:: Task to complete ::
Repeat the data word for word. Do not include the pictures.

___ Supplied entries ___

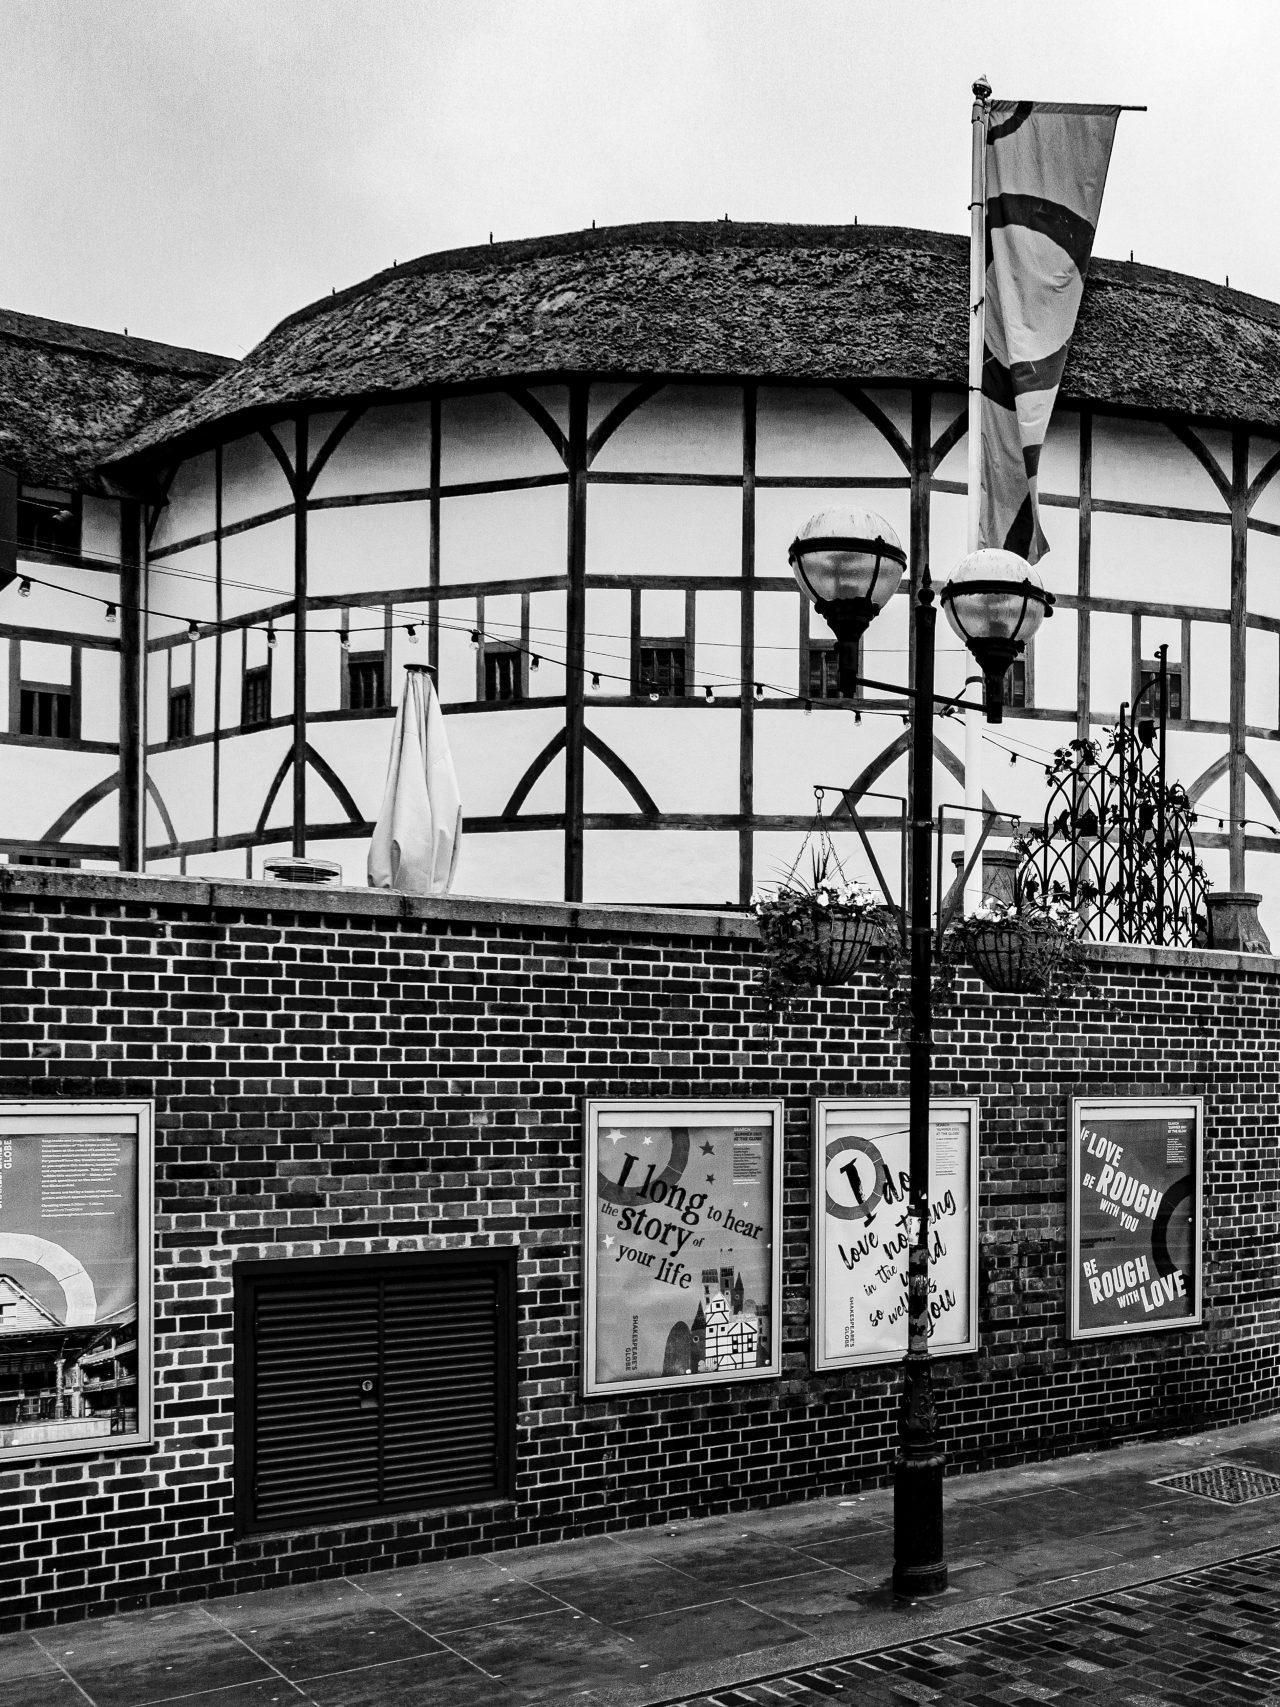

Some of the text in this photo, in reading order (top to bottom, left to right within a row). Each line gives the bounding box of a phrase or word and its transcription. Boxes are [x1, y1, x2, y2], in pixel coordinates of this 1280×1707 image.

[3, 1140, 12, 1169] GLOBE
[1080, 1126, 1124, 1168] IF LOVE
[616, 1152, 763, 1240] I long to hear
[839, 1157, 910, 1228] I do
[1082, 1163, 1163, 1221] BE ROUGH
[601, 1202, 705, 1258] the story of
[1099, 1198, 1140, 1233] WITH YOU
[615, 1244, 692, 1289] your life
[838, 1231, 879, 1271] love
[1083, 1258, 1099, 1278] BE
[863, 1284, 877, 1297] in
[875, 1264, 898, 1284] the
[1088, 1254, 1151, 1305] ROUGH
[1117, 1269, 1187, 1313] WITH LOVE
[869, 1309, 885, 1327] so
[631, 1314, 639, 1371] SHAKESPEARE'S
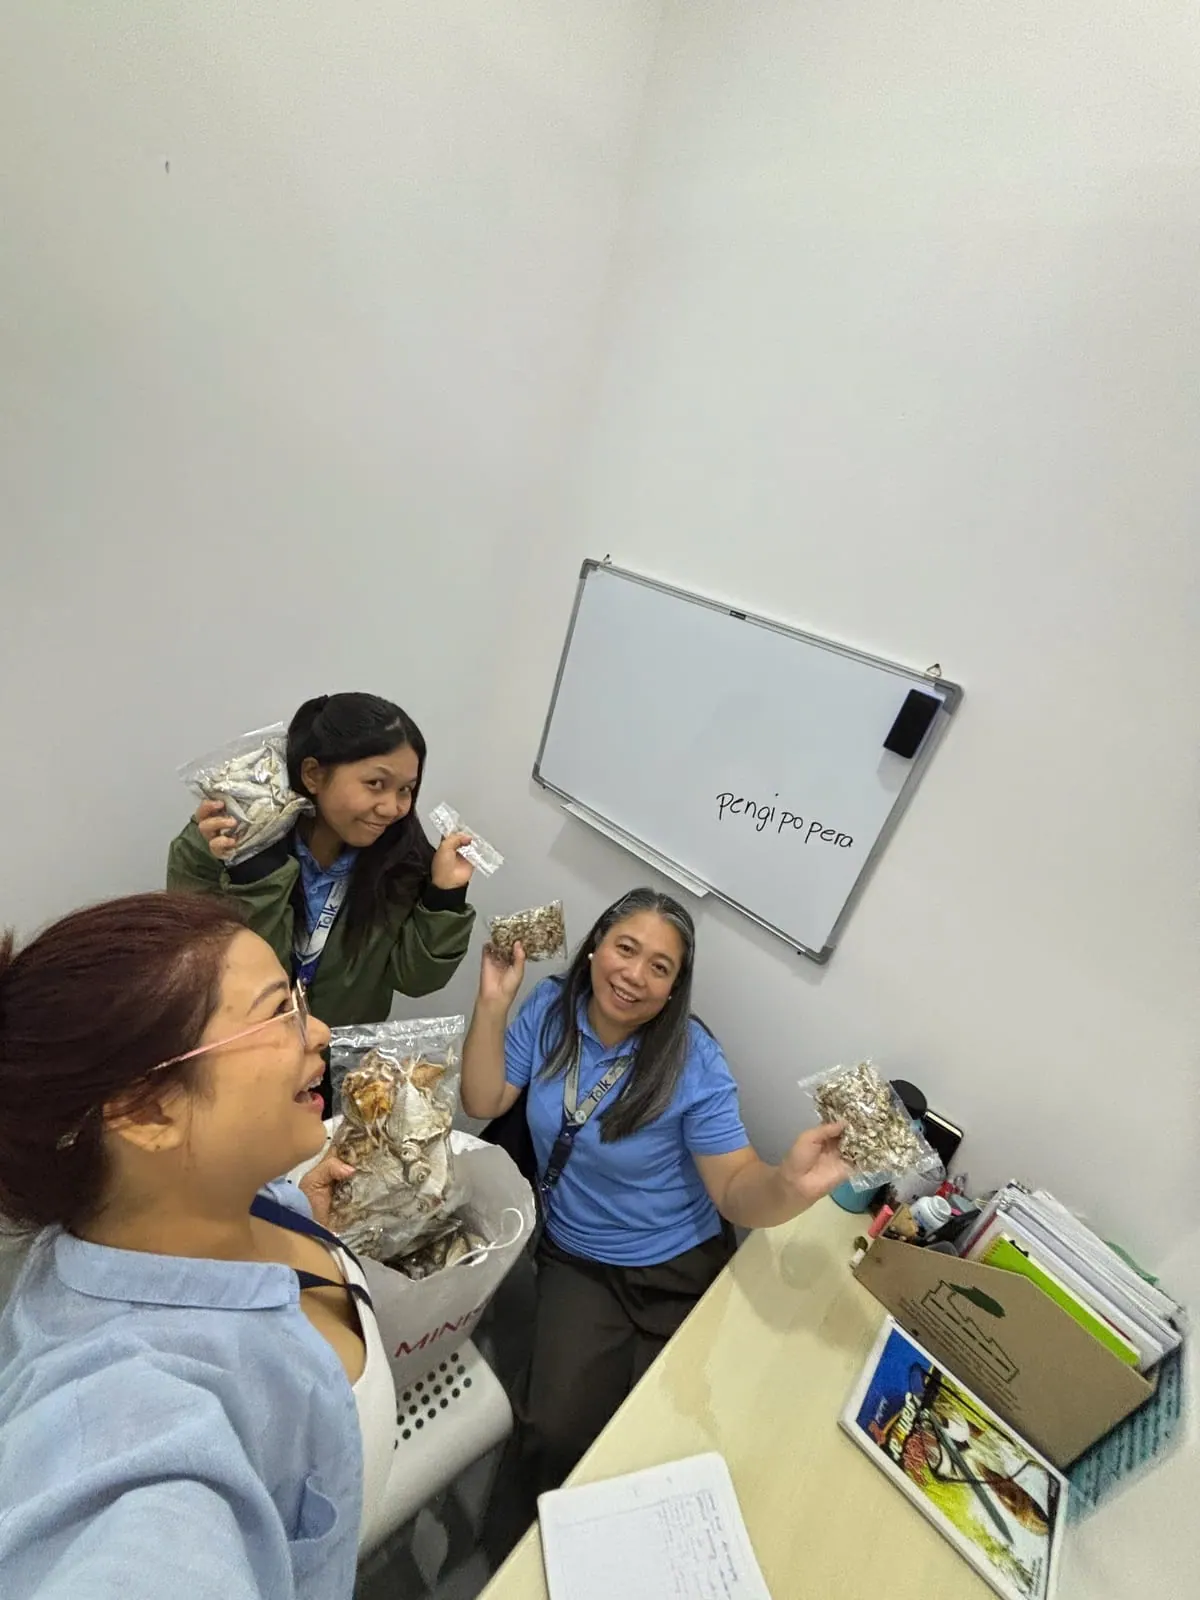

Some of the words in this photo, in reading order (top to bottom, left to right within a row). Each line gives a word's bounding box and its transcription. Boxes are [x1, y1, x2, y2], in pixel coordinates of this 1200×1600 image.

[777, 811, 803, 833] po
[316, 904, 338, 930] Talk
[589, 1079, 611, 1103] Talk
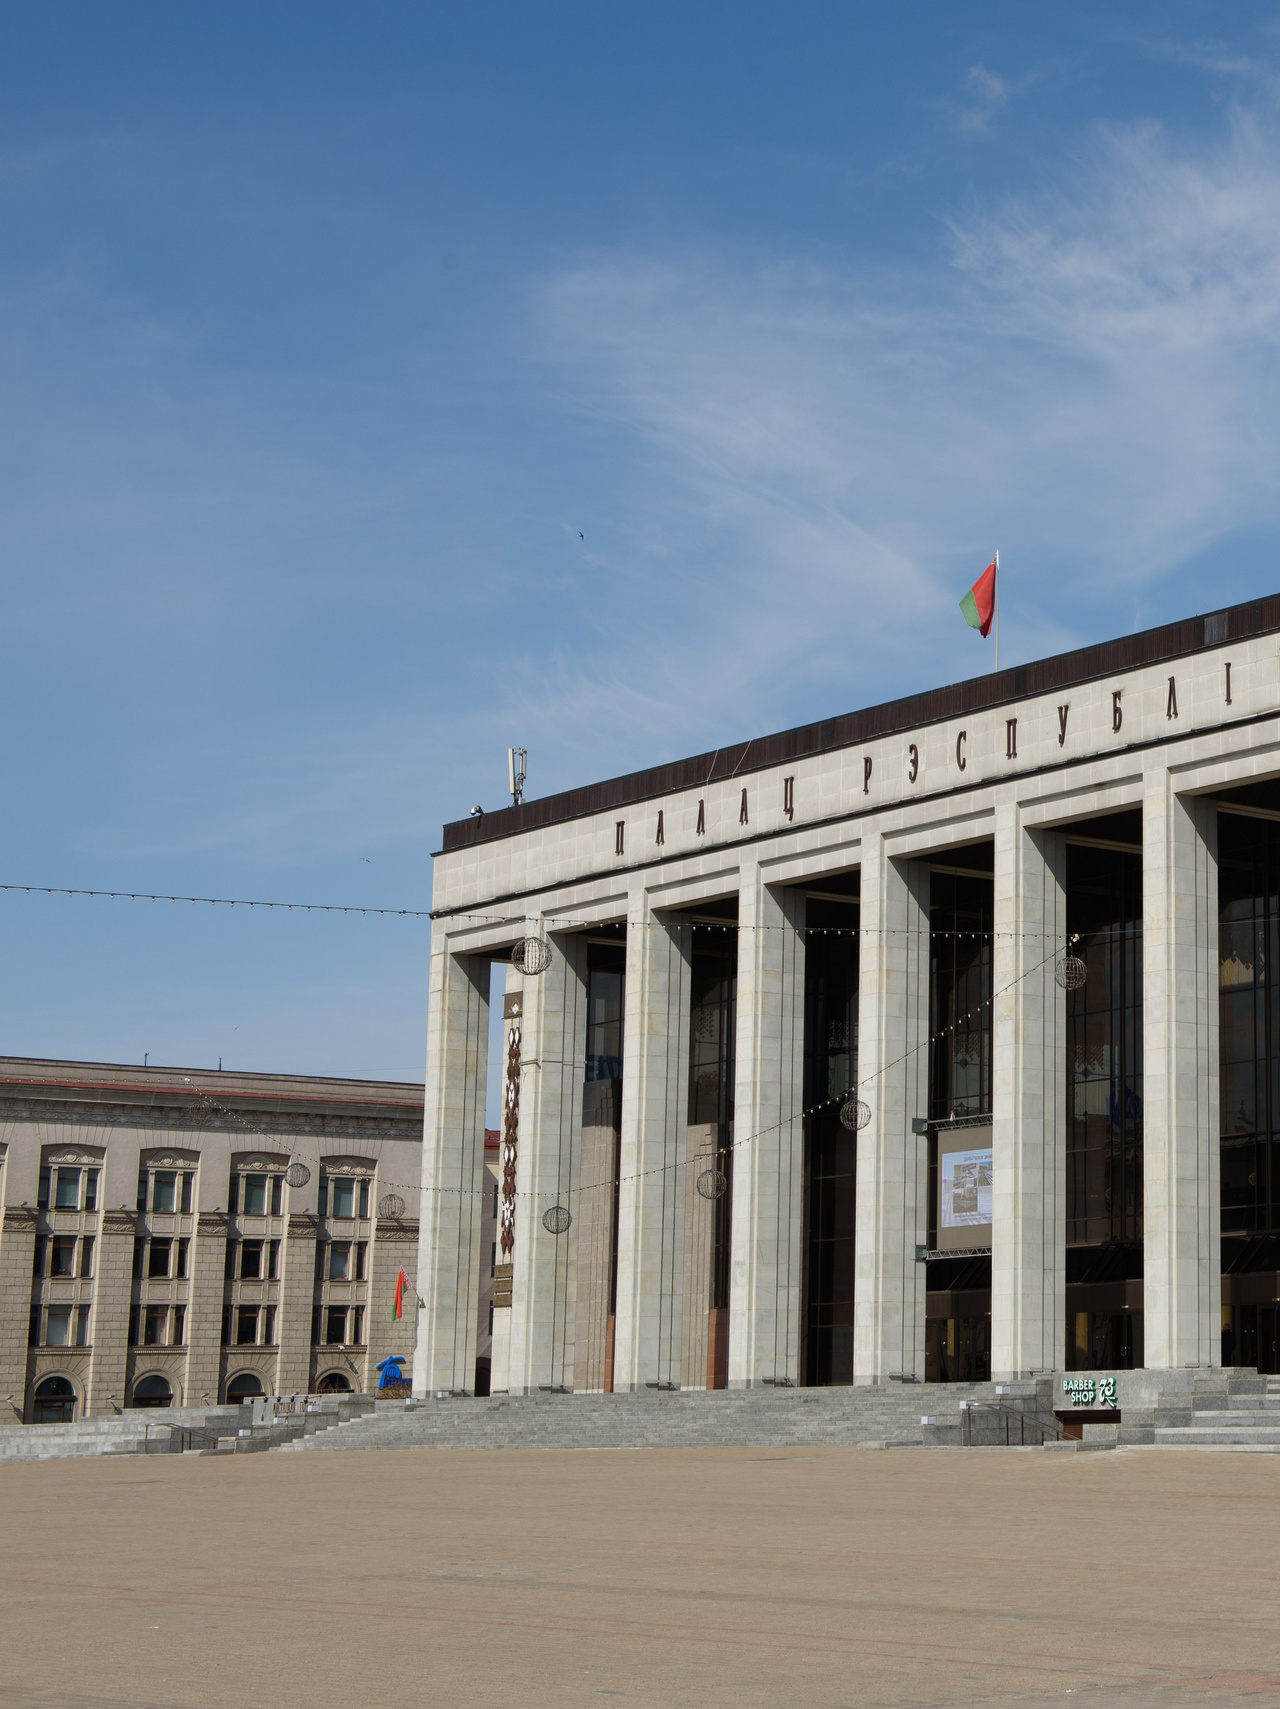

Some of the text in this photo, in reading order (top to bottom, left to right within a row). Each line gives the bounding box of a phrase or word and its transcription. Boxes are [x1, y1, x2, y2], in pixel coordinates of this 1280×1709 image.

___

:: Response for this exercise ::
Some of the text in this photo, in reading order (top to bottom, left to right within a row). Each line gives the bounding box of a phrase or word and its transcription. Boxes are [x1, y1, x2, y2], in pixel coordinates of this 1280×1707 image.

[3, 1140, 12, 1169] GLOBE
[1080, 1126, 1124, 1168] IF LOVE
[616, 1152, 763, 1240] I long to hear
[839, 1157, 910, 1228] I do
[1082, 1163, 1163, 1221] BE ROUGH
[601, 1202, 705, 1258] the story of
[1099, 1198, 1140, 1233] WITH YOU
[615, 1244, 692, 1289] your life
[838, 1231, 879, 1271] love
[1083, 1258, 1099, 1278] BE
[863, 1284, 877, 1297] in
[875, 1264, 898, 1284] the
[1088, 1254, 1151, 1305] ROUGH
[1117, 1269, 1187, 1313] WITH LOVE
[869, 1309, 885, 1327] so
[631, 1314, 639, 1371] SHAKESPEARE'S

Some of the words in this photo, in reading order (top to bottom, left to right within a row). Each line gives a word's bounding box and its transcription. Boxes are [x1, y1, x2, y2], in pixel coordinates of this 1200×1600 image.

[777, 811, 803, 833] po
[316, 904, 338, 930] Talk
[589, 1079, 611, 1103] Talk

Some of the text in this photo, in reading order (top to bottom, left to right within a row). Each line gives the bounding box of a phrase or word and its transcription. Boxes are [x1, y1, x2, y2], in pixel coordinates of this 1280×1709 image.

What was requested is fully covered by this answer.